***** RECORDS FOR THE TASK *****
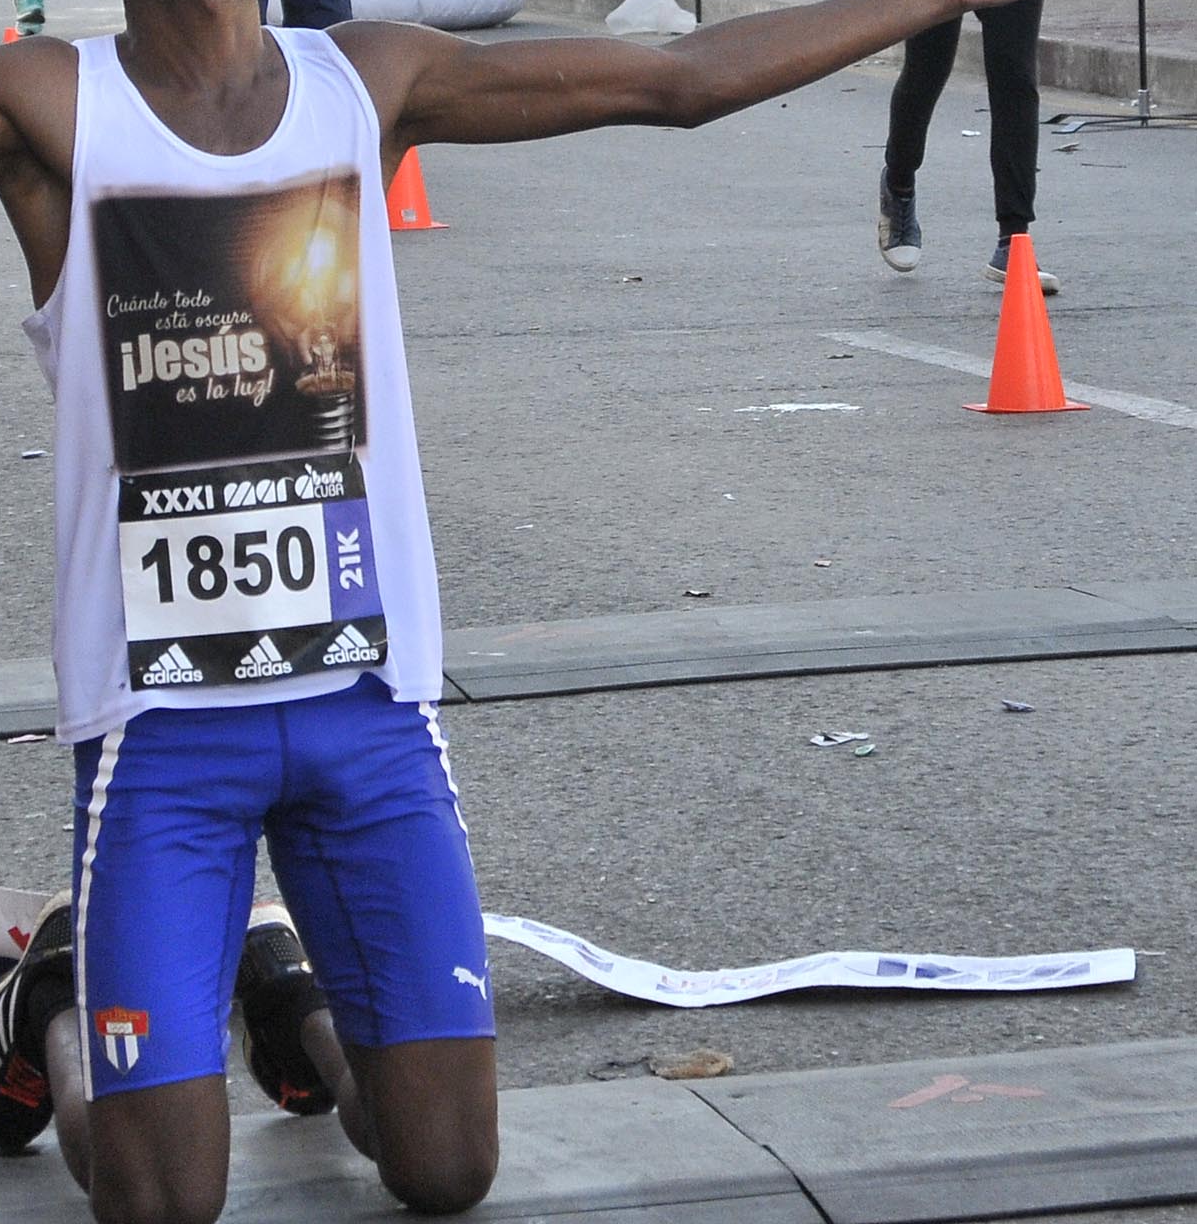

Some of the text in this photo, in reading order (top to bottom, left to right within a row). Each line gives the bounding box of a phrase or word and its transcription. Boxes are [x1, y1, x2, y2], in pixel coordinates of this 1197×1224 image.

[107, 289, 214, 318] Cuándo todo
[155, 311, 190, 330] está
[121, 325, 267, 392] ¡Jesús
[176, 368, 274, 407] es la luz!
[141, 484, 215, 515] XXXI
[313, 484, 345, 498] CUBA
[141, 526, 315, 604] 1850
[336, 527, 364, 590] 21K
[142, 647, 380, 686] adidas adidas adidas
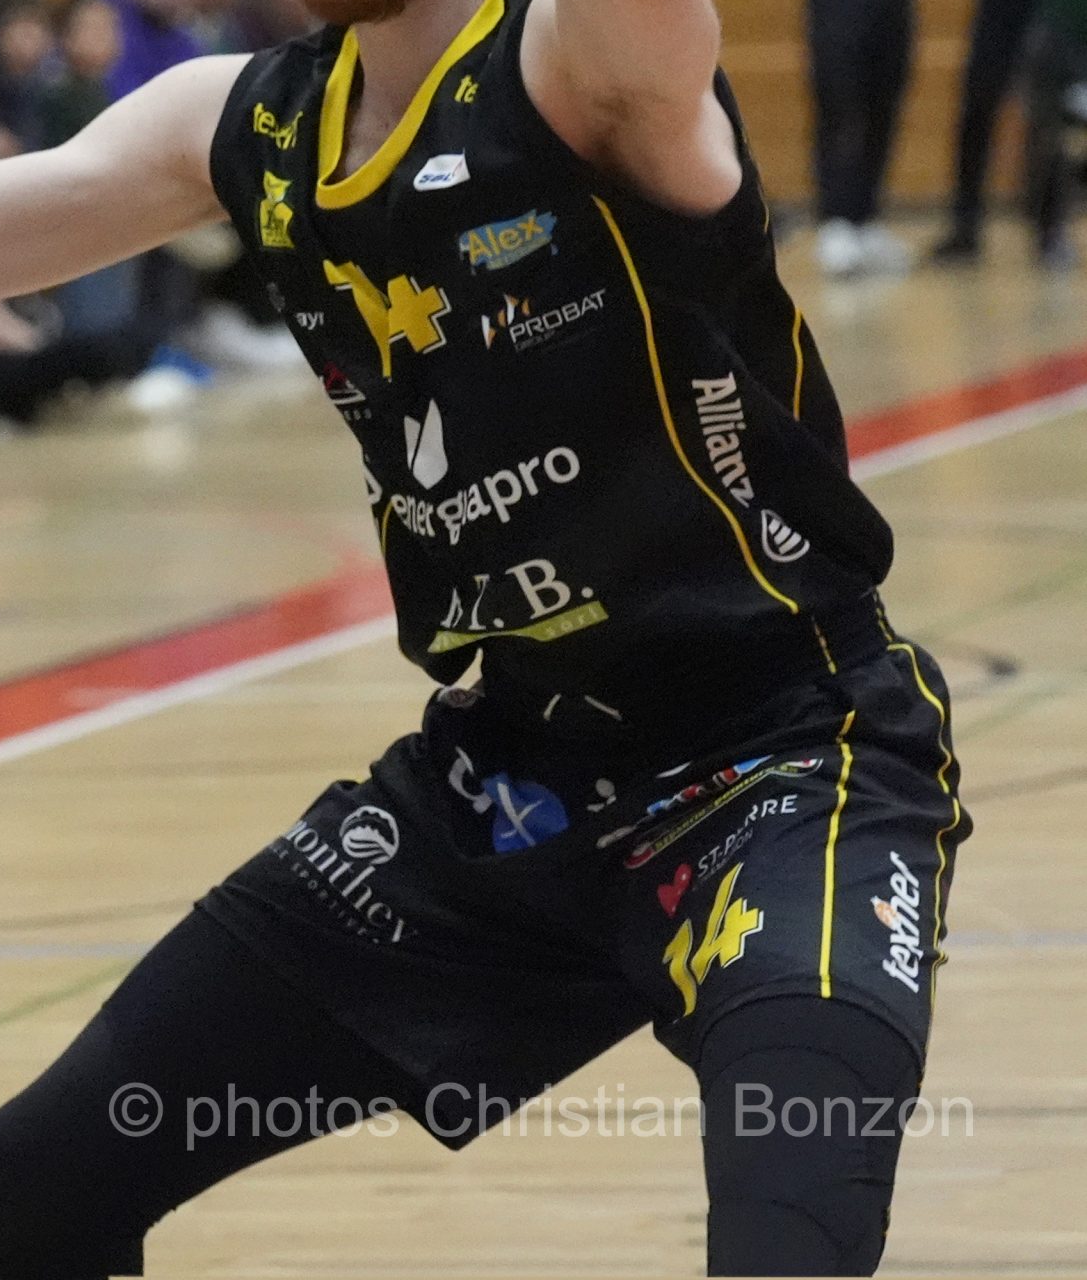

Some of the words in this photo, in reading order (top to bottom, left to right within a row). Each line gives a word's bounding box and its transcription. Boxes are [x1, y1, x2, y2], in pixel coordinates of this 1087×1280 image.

[466, 216, 546, 266] Alex
[509, 288, 608, 344] PROBAT
[691, 371, 755, 509] Allianz
[662, 862, 764, 1024] 14
*****
- [ACTION ITEM] Take every line of the material and copy it exactly, leaving out the pictures.

- [SOLVED EXERCISE]
Some of the text in this photo, in reading order (top to bottom, left to right within a row). Each line gives the bounding box of a phrase or word and its transcription. Boxes are [x1, y1, x2, y2], in pixel coordinates of this 1197×1224 image.

[107, 289, 214, 318] Cuándo todo
[155, 311, 190, 330] está
[121, 325, 267, 392] ¡Jesús
[176, 368, 274, 407] es la luz!
[141, 484, 215, 515] XXXI
[313, 484, 345, 498] CUBA
[141, 526, 315, 604] 1850
[336, 527, 364, 590] 21K
[142, 647, 380, 686] adidas adidas adidas

Some of the words in this photo, in reading order (top to bottom, left to right within a row). Each line gives a word's bounding box and its transcription. Boxes are [x1, y1, x2, y2], in pixel coordinates of this 1087×1280 image.

[466, 216, 546, 266] Alex
[509, 288, 608, 344] PROBAT
[691, 371, 755, 509] Allianz
[662, 862, 764, 1024] 14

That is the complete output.